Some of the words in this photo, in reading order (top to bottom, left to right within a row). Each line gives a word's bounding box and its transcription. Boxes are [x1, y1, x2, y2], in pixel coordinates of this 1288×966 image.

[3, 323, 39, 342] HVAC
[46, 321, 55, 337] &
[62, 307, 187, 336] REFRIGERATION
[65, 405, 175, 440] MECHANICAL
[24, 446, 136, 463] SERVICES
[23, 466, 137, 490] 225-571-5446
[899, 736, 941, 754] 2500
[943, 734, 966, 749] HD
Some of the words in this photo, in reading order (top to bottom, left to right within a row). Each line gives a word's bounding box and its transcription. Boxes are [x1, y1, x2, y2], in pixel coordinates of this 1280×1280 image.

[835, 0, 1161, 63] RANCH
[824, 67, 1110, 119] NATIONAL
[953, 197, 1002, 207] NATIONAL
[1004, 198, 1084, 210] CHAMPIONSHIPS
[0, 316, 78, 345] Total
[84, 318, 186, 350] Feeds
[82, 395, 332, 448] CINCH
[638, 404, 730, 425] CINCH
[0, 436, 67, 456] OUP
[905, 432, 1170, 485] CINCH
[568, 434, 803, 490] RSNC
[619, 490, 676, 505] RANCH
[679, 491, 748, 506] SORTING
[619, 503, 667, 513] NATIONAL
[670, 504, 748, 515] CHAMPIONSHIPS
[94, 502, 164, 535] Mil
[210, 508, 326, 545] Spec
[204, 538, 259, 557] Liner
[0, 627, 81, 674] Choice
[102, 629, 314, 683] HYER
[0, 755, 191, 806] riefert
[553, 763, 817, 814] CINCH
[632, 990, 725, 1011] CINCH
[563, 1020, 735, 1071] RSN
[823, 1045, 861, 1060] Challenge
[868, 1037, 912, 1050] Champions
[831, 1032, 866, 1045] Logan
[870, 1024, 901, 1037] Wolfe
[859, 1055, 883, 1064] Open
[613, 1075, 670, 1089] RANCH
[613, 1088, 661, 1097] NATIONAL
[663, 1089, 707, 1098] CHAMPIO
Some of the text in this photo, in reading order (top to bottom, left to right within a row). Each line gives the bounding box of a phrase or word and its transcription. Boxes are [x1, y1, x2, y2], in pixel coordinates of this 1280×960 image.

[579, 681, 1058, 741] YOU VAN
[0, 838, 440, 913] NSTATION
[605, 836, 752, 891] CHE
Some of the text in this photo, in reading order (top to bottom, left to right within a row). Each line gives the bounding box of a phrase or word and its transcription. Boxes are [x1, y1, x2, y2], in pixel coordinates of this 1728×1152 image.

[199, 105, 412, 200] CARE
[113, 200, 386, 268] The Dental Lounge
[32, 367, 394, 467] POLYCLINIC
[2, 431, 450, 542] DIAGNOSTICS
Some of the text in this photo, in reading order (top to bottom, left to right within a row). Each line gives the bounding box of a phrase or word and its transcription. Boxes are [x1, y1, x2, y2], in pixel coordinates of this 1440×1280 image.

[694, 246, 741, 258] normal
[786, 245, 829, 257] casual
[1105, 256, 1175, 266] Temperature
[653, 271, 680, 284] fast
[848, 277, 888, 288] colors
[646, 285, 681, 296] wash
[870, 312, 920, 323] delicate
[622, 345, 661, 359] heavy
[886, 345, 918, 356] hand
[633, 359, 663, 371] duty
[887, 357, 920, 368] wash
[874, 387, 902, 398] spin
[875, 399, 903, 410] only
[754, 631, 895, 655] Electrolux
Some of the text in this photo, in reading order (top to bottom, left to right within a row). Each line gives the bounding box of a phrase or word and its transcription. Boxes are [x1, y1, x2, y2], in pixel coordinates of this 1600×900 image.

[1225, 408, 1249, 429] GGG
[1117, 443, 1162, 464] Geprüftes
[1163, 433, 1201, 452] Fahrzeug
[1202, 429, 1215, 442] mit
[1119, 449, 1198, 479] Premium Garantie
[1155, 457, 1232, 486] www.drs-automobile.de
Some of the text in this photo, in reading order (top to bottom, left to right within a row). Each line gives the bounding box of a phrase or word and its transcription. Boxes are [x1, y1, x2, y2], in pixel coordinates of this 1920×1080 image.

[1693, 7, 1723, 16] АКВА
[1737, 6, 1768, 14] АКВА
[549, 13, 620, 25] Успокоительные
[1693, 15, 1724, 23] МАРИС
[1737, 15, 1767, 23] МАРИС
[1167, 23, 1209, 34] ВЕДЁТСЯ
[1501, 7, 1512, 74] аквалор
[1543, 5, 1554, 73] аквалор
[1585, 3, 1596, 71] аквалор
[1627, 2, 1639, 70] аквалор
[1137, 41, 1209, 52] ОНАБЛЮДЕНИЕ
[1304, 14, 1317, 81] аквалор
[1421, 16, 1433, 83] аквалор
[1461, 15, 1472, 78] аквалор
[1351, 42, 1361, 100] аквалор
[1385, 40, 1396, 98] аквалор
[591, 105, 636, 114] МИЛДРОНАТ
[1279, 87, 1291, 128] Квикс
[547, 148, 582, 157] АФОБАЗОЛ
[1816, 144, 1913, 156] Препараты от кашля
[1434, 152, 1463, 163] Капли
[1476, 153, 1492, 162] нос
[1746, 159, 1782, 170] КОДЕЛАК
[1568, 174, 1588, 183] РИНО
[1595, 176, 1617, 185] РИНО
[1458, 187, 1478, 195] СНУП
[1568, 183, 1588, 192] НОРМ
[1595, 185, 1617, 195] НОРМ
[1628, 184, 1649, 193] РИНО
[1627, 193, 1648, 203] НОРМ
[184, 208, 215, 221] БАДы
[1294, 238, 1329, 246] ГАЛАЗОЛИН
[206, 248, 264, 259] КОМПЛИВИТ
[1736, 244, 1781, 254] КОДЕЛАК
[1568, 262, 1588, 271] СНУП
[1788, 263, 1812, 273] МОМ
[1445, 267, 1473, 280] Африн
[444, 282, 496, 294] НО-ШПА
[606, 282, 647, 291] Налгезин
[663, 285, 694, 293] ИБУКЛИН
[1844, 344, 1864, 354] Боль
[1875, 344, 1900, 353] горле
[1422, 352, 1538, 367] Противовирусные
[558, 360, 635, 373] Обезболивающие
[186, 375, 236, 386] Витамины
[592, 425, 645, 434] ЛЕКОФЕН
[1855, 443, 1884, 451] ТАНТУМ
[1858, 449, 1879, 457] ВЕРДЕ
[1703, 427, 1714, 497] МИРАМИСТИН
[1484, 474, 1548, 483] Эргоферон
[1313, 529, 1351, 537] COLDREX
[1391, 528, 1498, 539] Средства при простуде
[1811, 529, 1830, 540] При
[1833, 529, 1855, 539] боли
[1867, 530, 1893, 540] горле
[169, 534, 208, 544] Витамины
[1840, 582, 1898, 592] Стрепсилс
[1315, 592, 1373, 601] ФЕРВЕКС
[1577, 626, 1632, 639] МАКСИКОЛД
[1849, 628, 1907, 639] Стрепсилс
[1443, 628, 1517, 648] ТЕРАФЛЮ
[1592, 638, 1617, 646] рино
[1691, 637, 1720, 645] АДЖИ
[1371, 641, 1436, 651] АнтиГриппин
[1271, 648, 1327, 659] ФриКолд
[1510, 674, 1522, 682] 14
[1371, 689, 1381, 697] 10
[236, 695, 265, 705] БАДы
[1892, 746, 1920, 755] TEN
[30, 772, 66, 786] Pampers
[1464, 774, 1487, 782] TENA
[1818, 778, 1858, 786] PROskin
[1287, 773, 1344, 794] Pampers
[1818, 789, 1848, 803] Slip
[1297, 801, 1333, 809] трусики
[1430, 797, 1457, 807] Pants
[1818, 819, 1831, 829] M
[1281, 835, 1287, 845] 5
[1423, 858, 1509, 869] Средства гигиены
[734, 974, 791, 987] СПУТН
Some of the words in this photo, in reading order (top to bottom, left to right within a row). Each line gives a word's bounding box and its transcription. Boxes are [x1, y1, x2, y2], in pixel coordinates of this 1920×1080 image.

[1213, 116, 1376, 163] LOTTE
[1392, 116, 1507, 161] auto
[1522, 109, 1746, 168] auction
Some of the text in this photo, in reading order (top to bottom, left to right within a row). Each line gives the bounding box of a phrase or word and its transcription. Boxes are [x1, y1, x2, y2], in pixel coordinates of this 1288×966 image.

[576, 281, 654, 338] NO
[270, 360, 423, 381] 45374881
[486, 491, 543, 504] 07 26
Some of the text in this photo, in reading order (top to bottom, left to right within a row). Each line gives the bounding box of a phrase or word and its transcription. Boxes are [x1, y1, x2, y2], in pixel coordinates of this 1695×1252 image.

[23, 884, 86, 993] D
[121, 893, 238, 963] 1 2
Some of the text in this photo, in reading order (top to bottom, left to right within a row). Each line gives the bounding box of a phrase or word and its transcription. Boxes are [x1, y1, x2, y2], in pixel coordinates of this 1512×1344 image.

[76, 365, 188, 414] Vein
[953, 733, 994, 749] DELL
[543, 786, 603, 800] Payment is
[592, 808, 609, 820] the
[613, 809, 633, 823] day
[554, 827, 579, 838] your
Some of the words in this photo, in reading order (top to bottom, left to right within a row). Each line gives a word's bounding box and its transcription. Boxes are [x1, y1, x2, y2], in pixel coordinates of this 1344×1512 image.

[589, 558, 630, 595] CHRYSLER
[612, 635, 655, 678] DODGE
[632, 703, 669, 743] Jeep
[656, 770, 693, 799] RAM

━━━━━━

What is required: Begin with the line that contains "this 1344×1512 image." and print each line exactly until the data ends, including the last line.

Response:
Some of the words in this photo, in reading order (top to bottom, left to right within a row). Each line gives a word's bounding box and its transcription. Boxes are [x1, y1, x2, y2], in pixel coordinates of this 1344×1512 image.

[589, 558, 630, 595] CHRYSLER
[612, 635, 655, 678] DODGE
[632, 703, 669, 743] Jeep
[656, 770, 693, 799] RAM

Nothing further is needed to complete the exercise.